» Collected data:
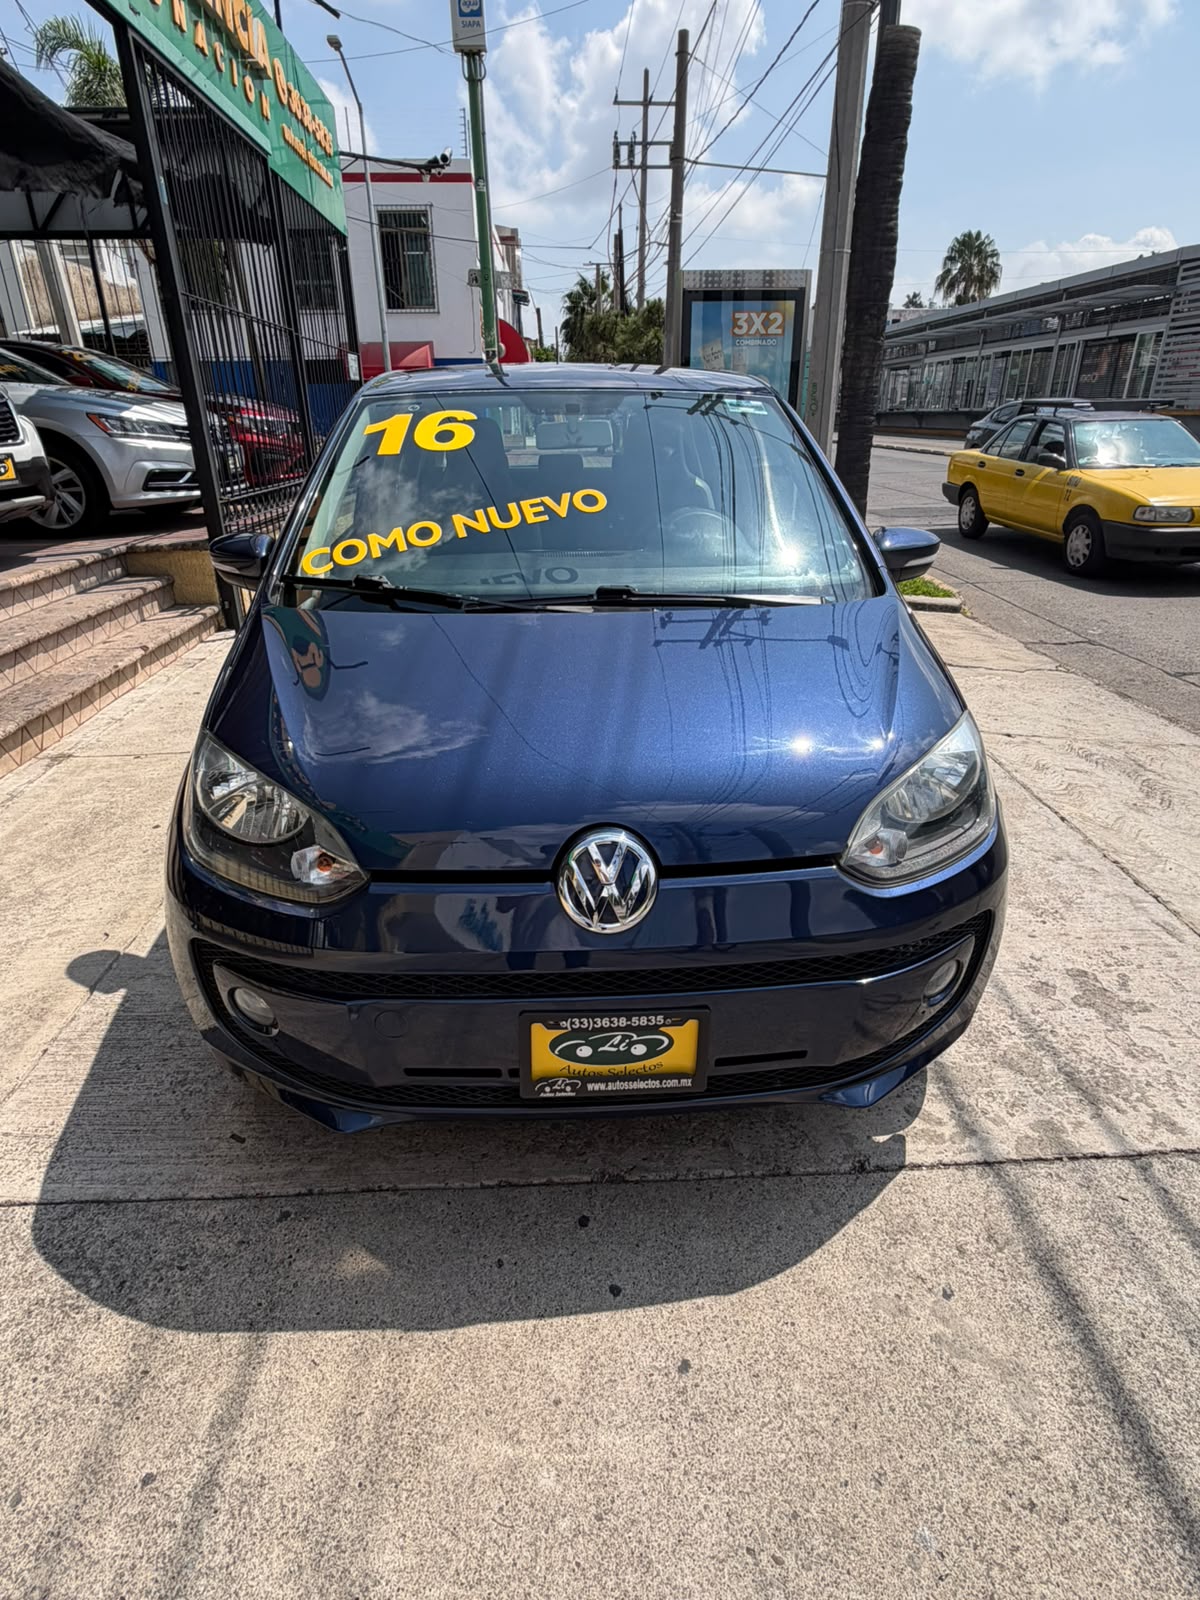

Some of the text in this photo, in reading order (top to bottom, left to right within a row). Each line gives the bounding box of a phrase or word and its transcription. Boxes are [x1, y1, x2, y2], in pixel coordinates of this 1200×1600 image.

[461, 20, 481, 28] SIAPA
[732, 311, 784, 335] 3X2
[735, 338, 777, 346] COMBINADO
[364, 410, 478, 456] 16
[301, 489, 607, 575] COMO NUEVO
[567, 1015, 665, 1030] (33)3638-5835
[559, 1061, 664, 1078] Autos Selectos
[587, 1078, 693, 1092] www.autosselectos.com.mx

» Task description:
Quote the data above in full and without alteration; skip the pictures.

» Solution to this task:
Some of the text in this photo, in reading order (top to bottom, left to right within a row). Each line gives the bounding box of a phrase or word and its transcription. Boxes are [x1, y1, x2, y2], in pixel coordinates of this 1200×1600 image.

[461, 20, 481, 28] SIAPA
[732, 311, 784, 335] 3X2
[735, 338, 777, 346] COMBINADO
[364, 410, 478, 456] 16
[301, 489, 607, 575] COMO NUEVO
[567, 1015, 665, 1030] (33)3638-5835
[559, 1061, 664, 1078] Autos Selectos
[587, 1078, 693, 1092] www.autosselectos.com.mx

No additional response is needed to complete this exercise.